■ About this exercise:
I'd like the entries reproduced exactly, with the images omitted.

*** Given data

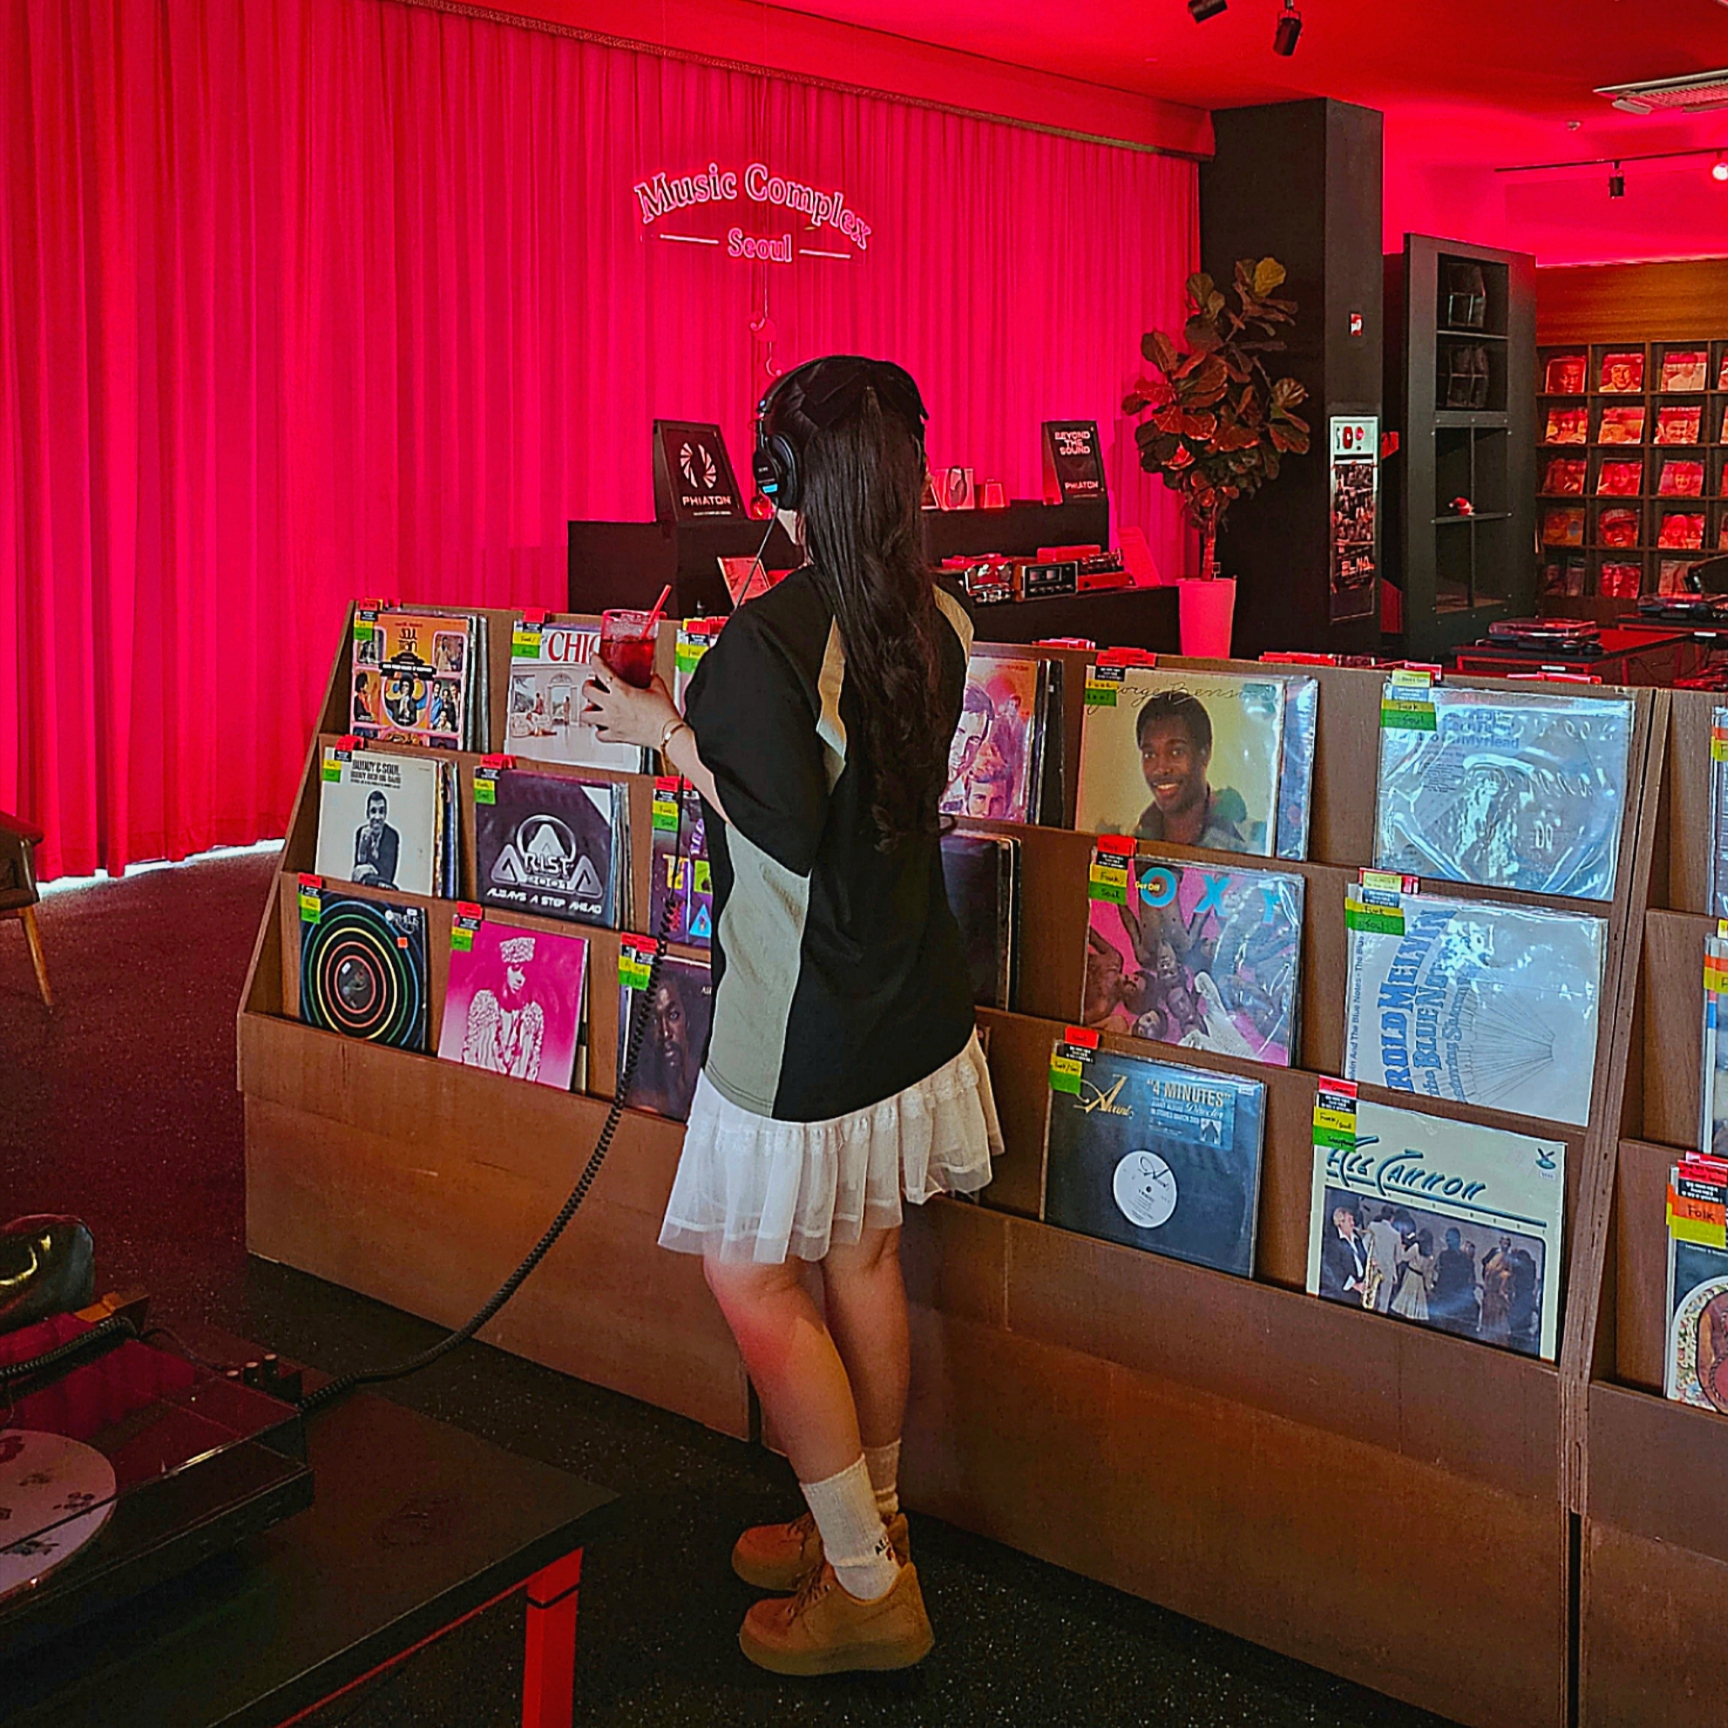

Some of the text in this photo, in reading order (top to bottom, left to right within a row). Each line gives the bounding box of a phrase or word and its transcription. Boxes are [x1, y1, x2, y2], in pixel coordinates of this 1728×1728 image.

[634, 162, 872, 250] Music Complex
[727, 227, 792, 263] Seoul
[1059, 446, 1091, 456] SOUND
[1064, 439, 1084, 447] THE
[682, 495, 732, 507] PHIATON
[487, 887, 602, 914] ALWAYS A STEP AHEAD
[1377, 909, 1458, 1013] MELVIN
[1353, 978, 1362, 1004] Notes
[1351, 1006, 1360, 1024] Blue
[1350, 1025, 1359, 1041] The
[1412, 1007, 1443, 1070] BLUE
[1350, 1042, 1358, 1060] And
[1375, 1148, 1487, 1201] CANNON
[1687, 1204, 1716, 1222] Folk

******

■ Finished task:
Some of the text in this photo, in reading order (top to bottom, left to right within a row). Each line gives the bounding box of a phrase or word and its transcription. Boxes are [x1, y1, x2, y2], in pixel coordinates of this 1728×1728 image.

[634, 162, 872, 250] Music Complex
[727, 227, 792, 263] Seoul
[1059, 446, 1091, 456] SOUND
[1064, 439, 1084, 447] THE
[682, 495, 732, 507] PHIATON
[487, 887, 602, 914] ALWAYS A STEP AHEAD
[1377, 909, 1458, 1013] MELVIN
[1353, 978, 1362, 1004] Notes
[1351, 1006, 1360, 1024] Blue
[1350, 1025, 1359, 1041] The
[1412, 1007, 1443, 1070] BLUE
[1350, 1042, 1358, 1060] And
[1375, 1148, 1487, 1201] CANNON
[1687, 1204, 1716, 1222] Folk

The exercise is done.